### RECORDS FOR THIS TASK
==================================================

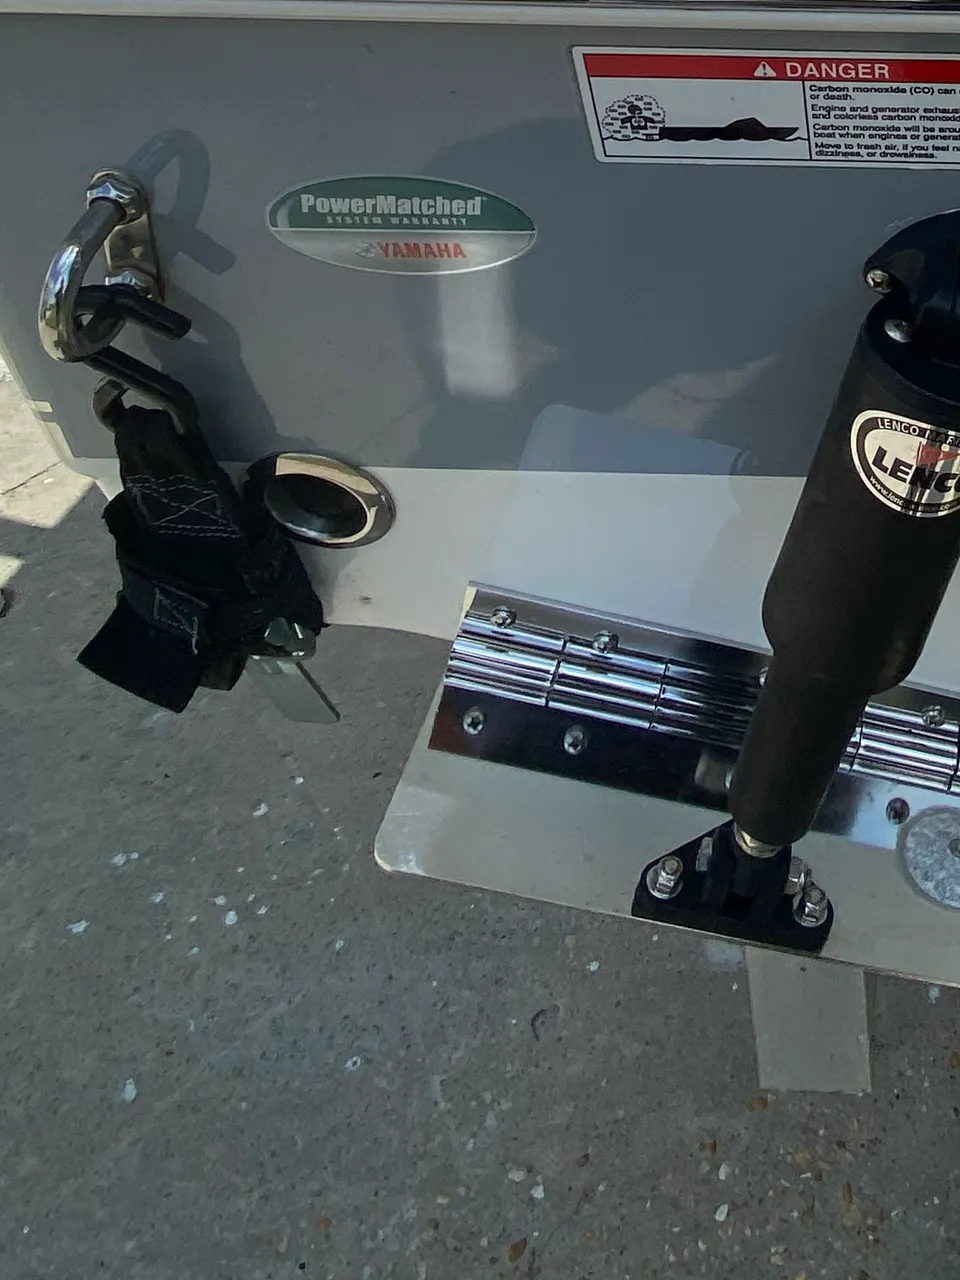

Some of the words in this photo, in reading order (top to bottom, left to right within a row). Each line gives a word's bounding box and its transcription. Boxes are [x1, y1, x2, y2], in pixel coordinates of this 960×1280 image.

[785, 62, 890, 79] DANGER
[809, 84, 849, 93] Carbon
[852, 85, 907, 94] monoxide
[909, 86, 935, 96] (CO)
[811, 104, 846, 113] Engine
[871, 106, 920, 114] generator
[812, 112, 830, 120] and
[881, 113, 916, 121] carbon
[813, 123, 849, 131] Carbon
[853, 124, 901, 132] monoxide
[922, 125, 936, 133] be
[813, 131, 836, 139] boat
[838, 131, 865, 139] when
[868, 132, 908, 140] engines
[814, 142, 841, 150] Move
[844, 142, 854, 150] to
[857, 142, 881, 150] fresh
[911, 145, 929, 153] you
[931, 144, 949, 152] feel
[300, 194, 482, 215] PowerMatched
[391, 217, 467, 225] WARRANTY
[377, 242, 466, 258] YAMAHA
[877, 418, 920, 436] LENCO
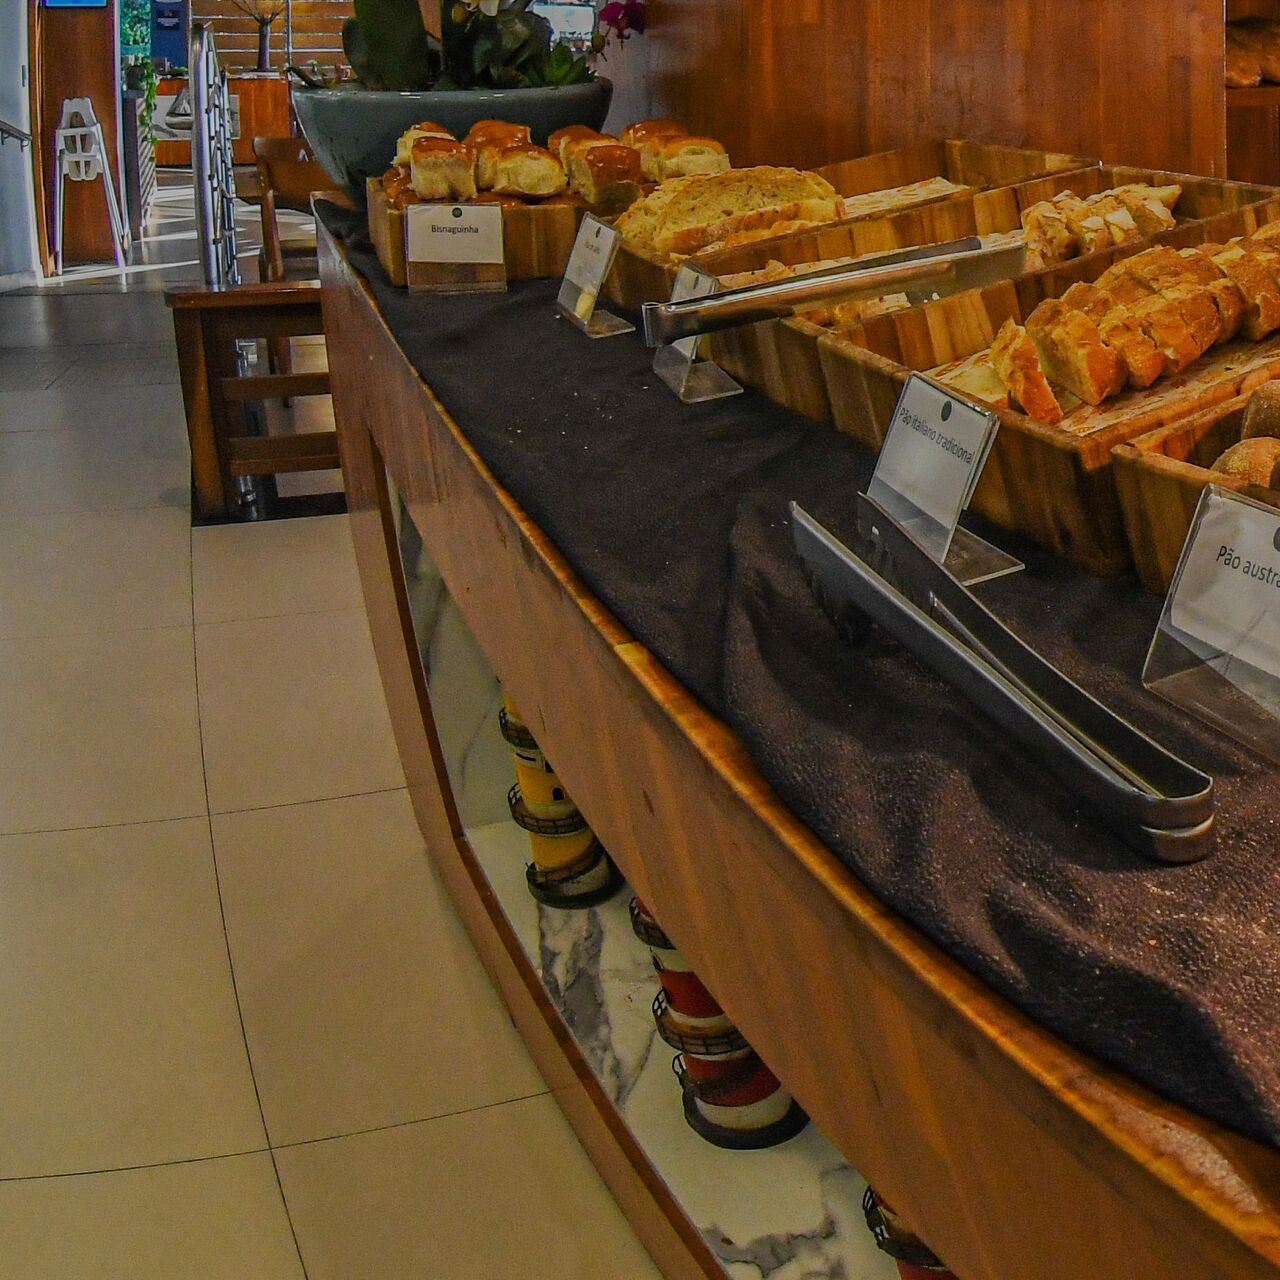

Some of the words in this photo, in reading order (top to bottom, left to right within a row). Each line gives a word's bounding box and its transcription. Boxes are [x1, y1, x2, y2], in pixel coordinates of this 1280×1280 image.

==================================================

Drop the pictures; repeat the listing above exactly.

Some of the words in this photo, in reading order (top to bottom, left to right within a row). Each line gives a word's bounding box and its transcription. Boxes are [x1, y1, x2, y2], in pixel coordinates of this 960×1280 image.

[785, 62, 890, 79] DANGER
[809, 84, 849, 93] Carbon
[852, 85, 907, 94] monoxide
[909, 86, 935, 96] (CO)
[811, 104, 846, 113] Engine
[871, 106, 920, 114] generator
[812, 112, 830, 120] and
[881, 113, 916, 121] carbon
[813, 123, 849, 131] Carbon
[853, 124, 901, 132] monoxide
[922, 125, 936, 133] be
[813, 131, 836, 139] boat
[838, 131, 865, 139] when
[868, 132, 908, 140] engines
[814, 142, 841, 150] Move
[844, 142, 854, 150] to
[857, 142, 881, 150] fresh
[911, 145, 929, 153] you
[931, 144, 949, 152] feel
[300, 194, 482, 215] PowerMatched
[391, 217, 467, 225] WARRANTY
[377, 242, 466, 258] YAMAHA
[877, 418, 920, 436] LENCO

Some of the words in this photo, in reading order (top to bottom, left to right within a row). Each line gives a word's bounding box and its transcription. Boxes are [x1, y1, x2, y2], in pixel coordinates of this 1280×1280 image.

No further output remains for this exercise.